:: Work to be completed ::
Since only the text is wanted, print every entry below exactly and omit the images.

=== Section Start ===

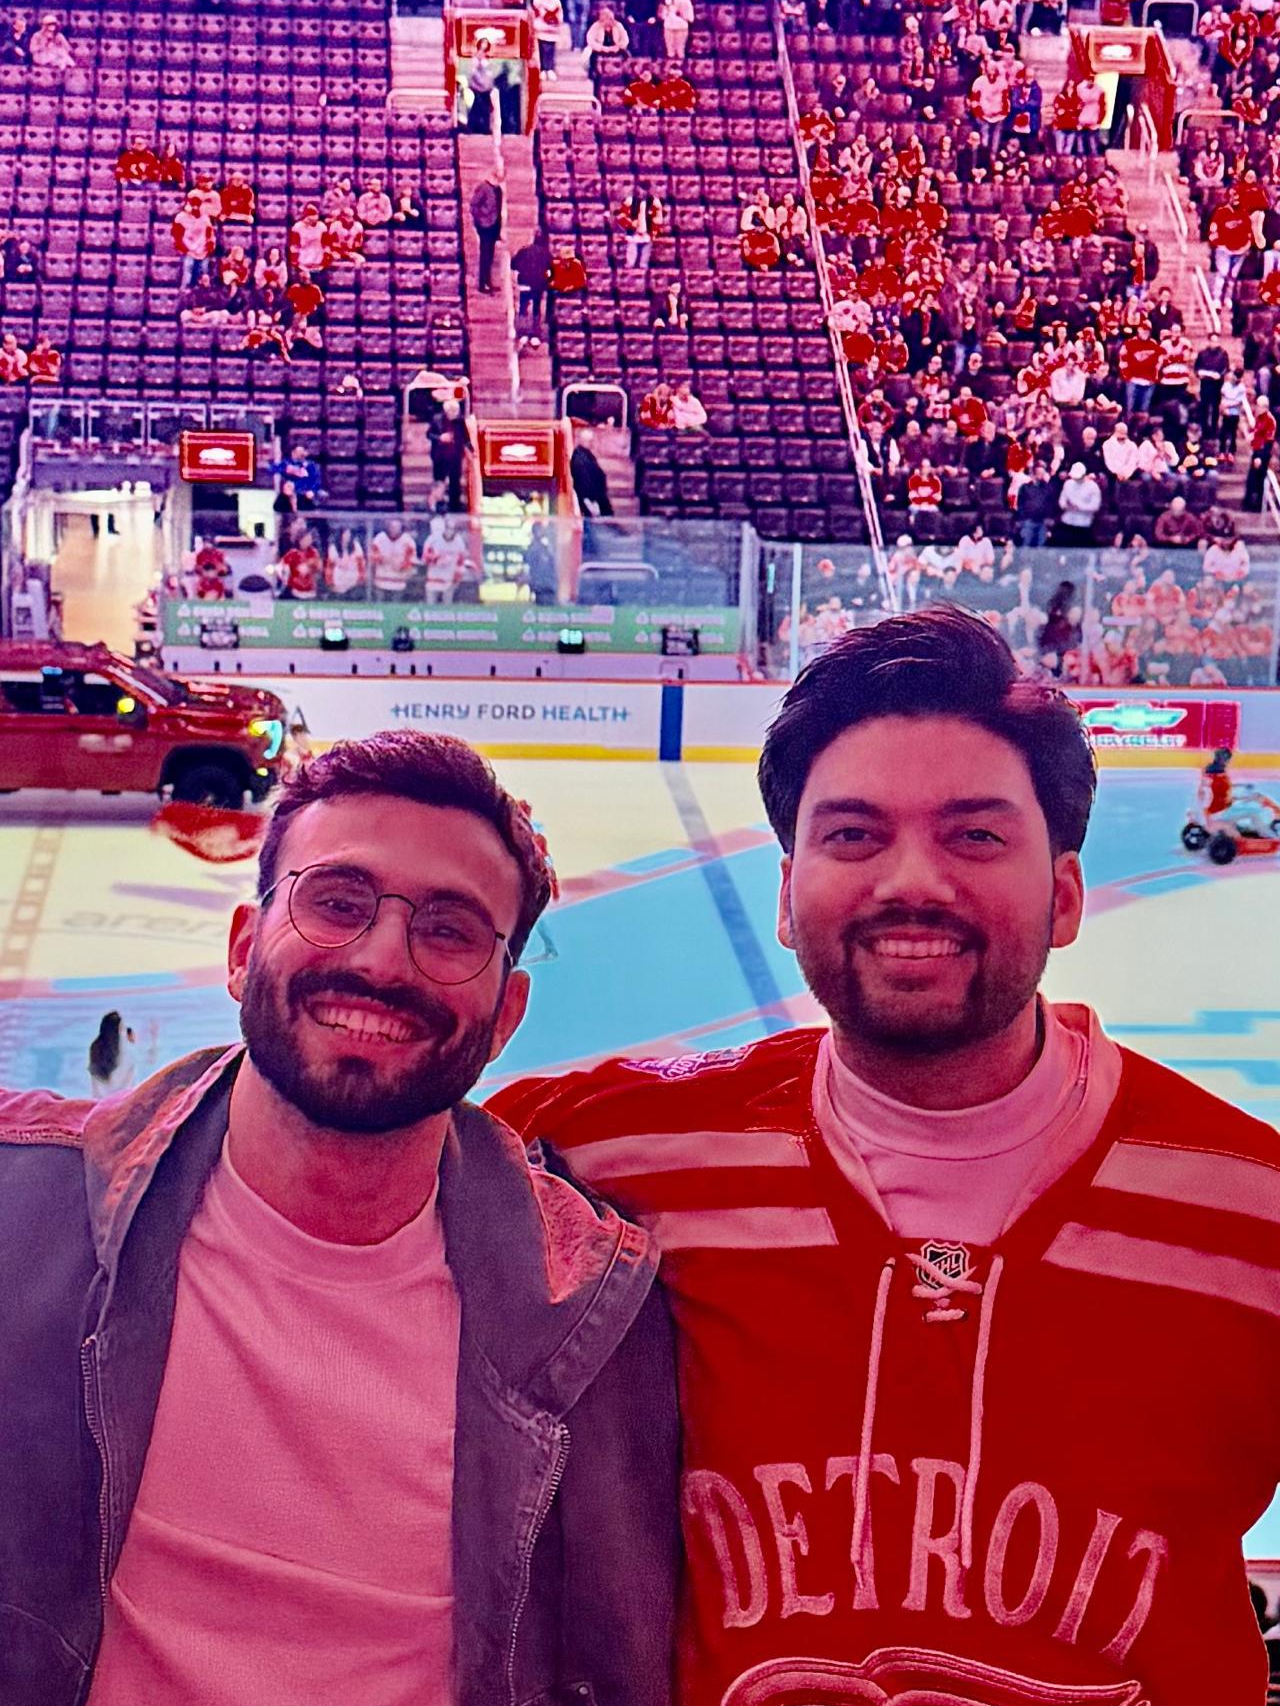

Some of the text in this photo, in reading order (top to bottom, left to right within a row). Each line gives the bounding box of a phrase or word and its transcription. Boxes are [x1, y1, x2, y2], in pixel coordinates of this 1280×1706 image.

[390, 703, 632, 722] HENRY FORD HEALTH
[681, 1455, 1169, 1663] DETROIT
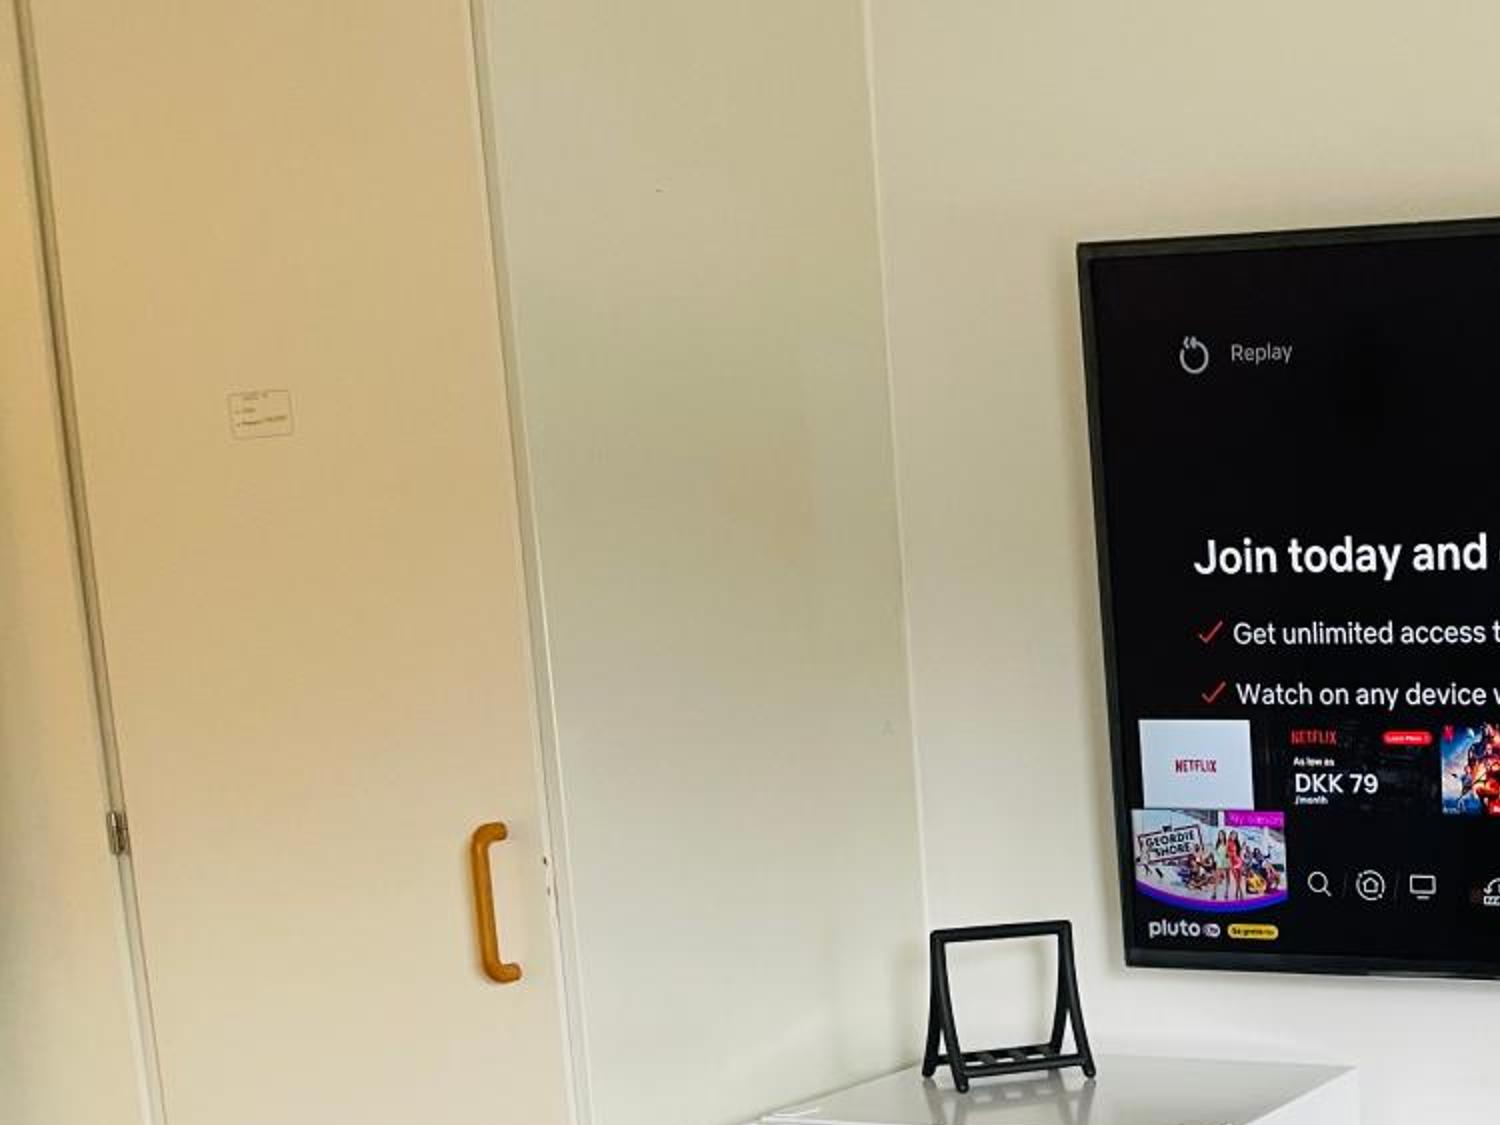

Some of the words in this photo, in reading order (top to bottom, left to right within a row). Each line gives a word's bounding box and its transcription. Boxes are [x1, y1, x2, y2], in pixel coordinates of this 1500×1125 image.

[1231, 341, 1293, 364] Replay
[1193, 537, 1278, 576] Join
[1287, 535, 1402, 581] today
[1412, 532, 1488, 572] and
[1233, 622, 1277, 645] Get
[1282, 620, 1394, 645] unlimited
[1400, 625, 1487, 644] access
[1235, 682, 1313, 706] Watch
[1319, 687, 1349, 706] on
[1355, 687, 1399, 712] any
[1405, 682, 1487, 706] device
[1290, 729, 1337, 745] NETFLIX
[1175, 758, 1217, 773] NETFLIX
[1293, 756, 1305, 767] As
[1295, 773, 1344, 794] DKK
[1349, 773, 1379, 794] 79
[1145, 830, 1194, 847] GEORDIE
[1148, 919, 1200, 939] pluto
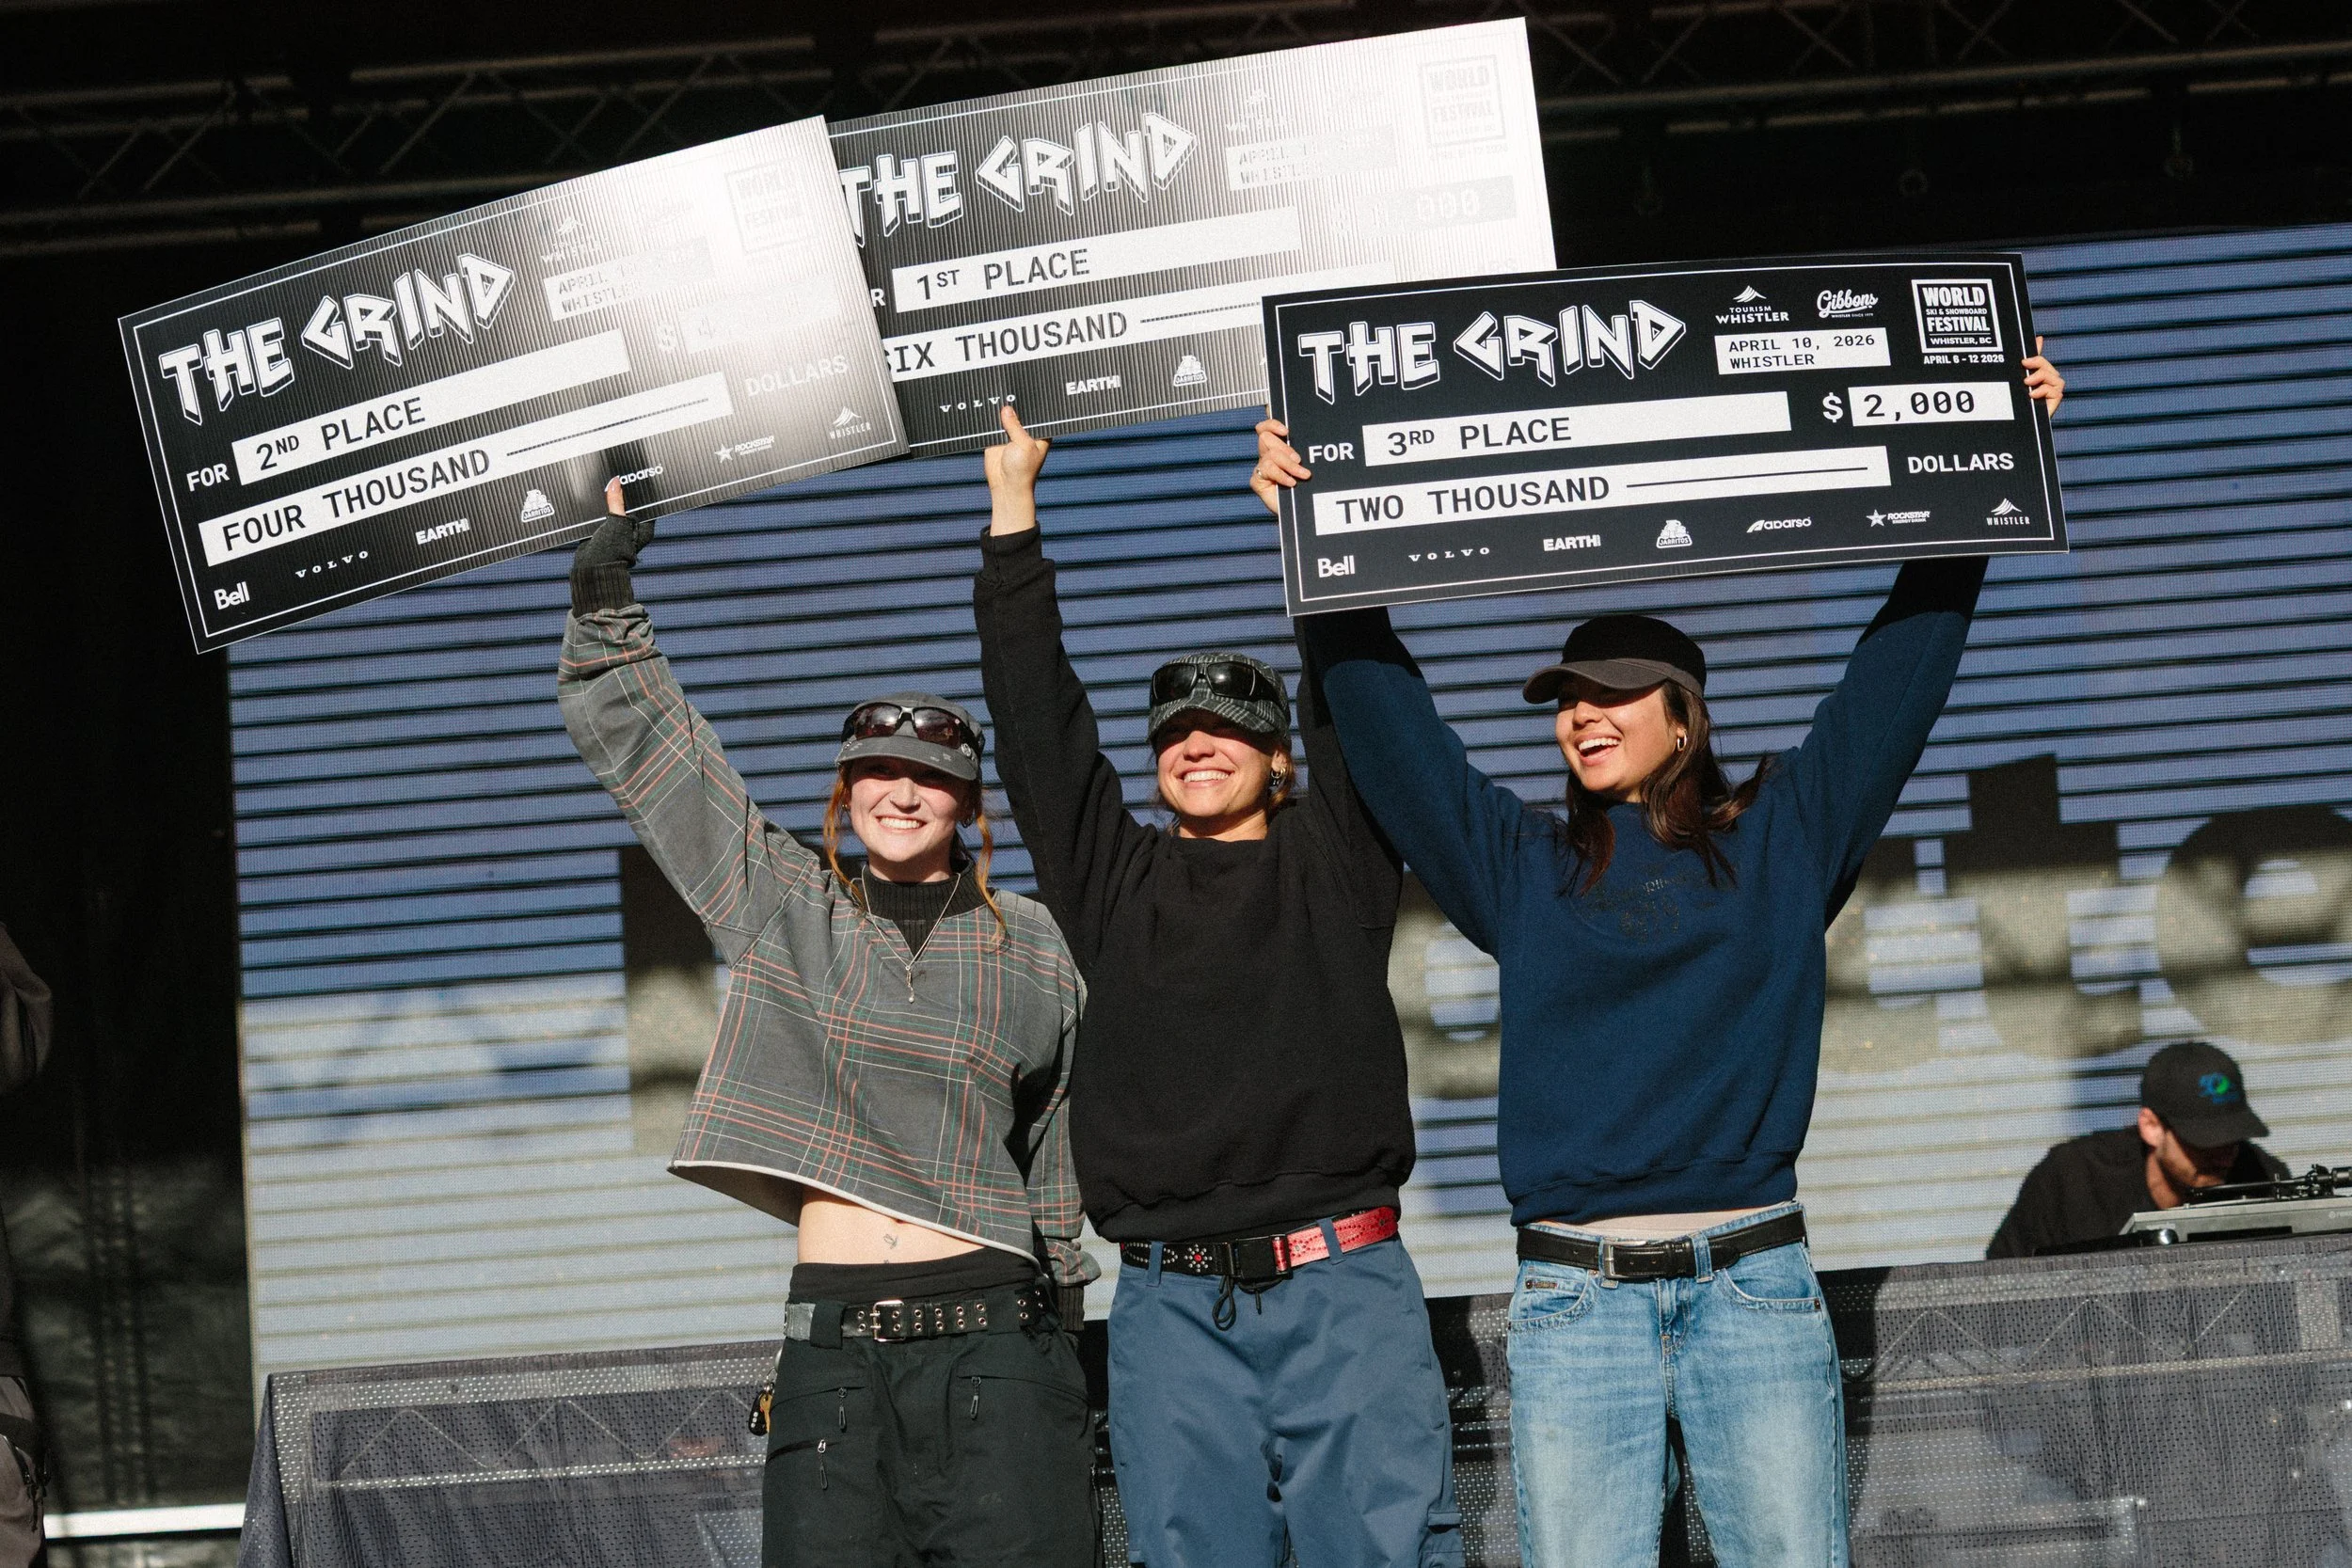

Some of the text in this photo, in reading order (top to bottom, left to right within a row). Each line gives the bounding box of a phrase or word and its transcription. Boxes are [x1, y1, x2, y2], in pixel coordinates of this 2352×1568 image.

[838, 112, 1198, 247] THE GRIND
[916, 269, 961, 301] 1ST
[984, 248, 1091, 290] PLACE
[1817, 289, 1879, 318] Gibbons
[1922, 286, 1986, 307] WORLD
[1715, 311, 1789, 325] WHISTLER
[1729, 306, 1772, 314] TOURISM
[1926, 316, 1991, 332] FESTIVAL
[158, 253, 516, 426] THE GRIND
[955, 311, 1129, 362] THOUSAND
[1728, 334, 1875, 354] APRIL 10, 2026
[1931, 337, 1978, 345] WHISTLER,
[1298, 300, 1686, 405] THE GRIND
[1730, 354, 1816, 370] WHISTLER
[1924, 355, 1951, 365] APRIL
[1968, 354, 1979, 363] 12
[744, 355, 848, 397] DOLLARS
[940, 393, 1017, 413] VOLVO
[1822, 390, 1976, 422] $ 2,000
[829, 422, 872, 440] WHISTLER
[1309, 417, 1572, 464] FOR 3RD PLACE
[186, 397, 426, 492] FOR 2ND PLACE
[1907, 452, 2014, 474] DOLLARS
[221, 448, 491, 552] FOUR THOUSAND
[1336, 475, 1610, 525] TWO THOUSAND
[1887, 511, 1931, 520] ROCKSTAR
[1986, 516, 2030, 526] WHISTLER
[294, 550, 370, 579] VOLVO
[1408, 546, 1490, 562] VOLVO
[1317, 555, 1356, 578] Bell
[214, 581, 250, 610] Bell

=== Section End ===

:: Task answer ::
Some of the text in this photo, in reading order (top to bottom, left to right within a row). Each line gives the bounding box of a phrase or word and its transcription. Boxes are [x1, y1, x2, y2], in pixel coordinates of this 1280×1706 image.

[390, 703, 632, 722] HENRY FORD HEALTH
[681, 1455, 1169, 1663] DETROIT

Some of the words in this photo, in reading order (top to bottom, left to right within a row). Each line gives a word's bounding box and its transcription. Boxes are [x1, y1, x2, y2], in pixel coordinates of this 1500×1125 image.

[1231, 341, 1293, 364] Replay
[1193, 537, 1278, 576] Join
[1287, 535, 1402, 581] today
[1412, 532, 1488, 572] and
[1233, 622, 1277, 645] Get
[1282, 620, 1394, 645] unlimited
[1400, 625, 1487, 644] access
[1235, 682, 1313, 706] Watch
[1319, 687, 1349, 706] on
[1355, 687, 1399, 712] any
[1405, 682, 1487, 706] device
[1290, 729, 1337, 745] NETFLIX
[1175, 758, 1217, 773] NETFLIX
[1293, 756, 1305, 767] As
[1295, 773, 1344, 794] DKK
[1349, 773, 1379, 794] 79
[1145, 830, 1194, 847] GEORDIE
[1148, 919, 1200, 939] pluto

Some of the text in this photo, in reading order (top to bottom, left to right within a row). Each line gives the bounding box of a phrase or word and its transcription. Boxes are [x1, y1, x2, y2], in pixel coordinates of this 2352×1568 image.

[838, 112, 1198, 247] THE GRIND
[916, 269, 961, 301] 1ST
[984, 248, 1091, 290] PLACE
[1817, 289, 1879, 318] Gibbons
[1922, 286, 1986, 307] WORLD
[1715, 311, 1789, 325] WHISTLER
[1729, 306, 1772, 314] TOURISM
[1926, 316, 1991, 332] FESTIVAL
[158, 253, 516, 426] THE GRIND
[955, 311, 1129, 362] THOUSAND
[1728, 334, 1875, 354] APRIL 10, 2026
[1931, 337, 1978, 345] WHISTLER,
[1298, 300, 1686, 405] THE GRIND
[1730, 354, 1816, 370] WHISTLER
[1924, 355, 1951, 365] APRIL
[1968, 354, 1979, 363] 12
[744, 355, 848, 397] DOLLARS
[940, 393, 1017, 413] VOLVO
[1822, 390, 1976, 422] $ 2,000
[829, 422, 872, 440] WHISTLER
[1309, 417, 1572, 464] FOR 3RD PLACE
[186, 397, 426, 492] FOR 2ND PLACE
[1907, 452, 2014, 474] DOLLARS
[221, 448, 491, 552] FOUR THOUSAND
[1336, 475, 1610, 525] TWO THOUSAND
[1887, 511, 1931, 520] ROCKSTAR
[1986, 516, 2030, 526] WHISTLER
[294, 550, 370, 579] VOLVO
[1408, 546, 1490, 562] VOLVO
[1317, 555, 1356, 578] Bell
[214, 581, 250, 610] Bell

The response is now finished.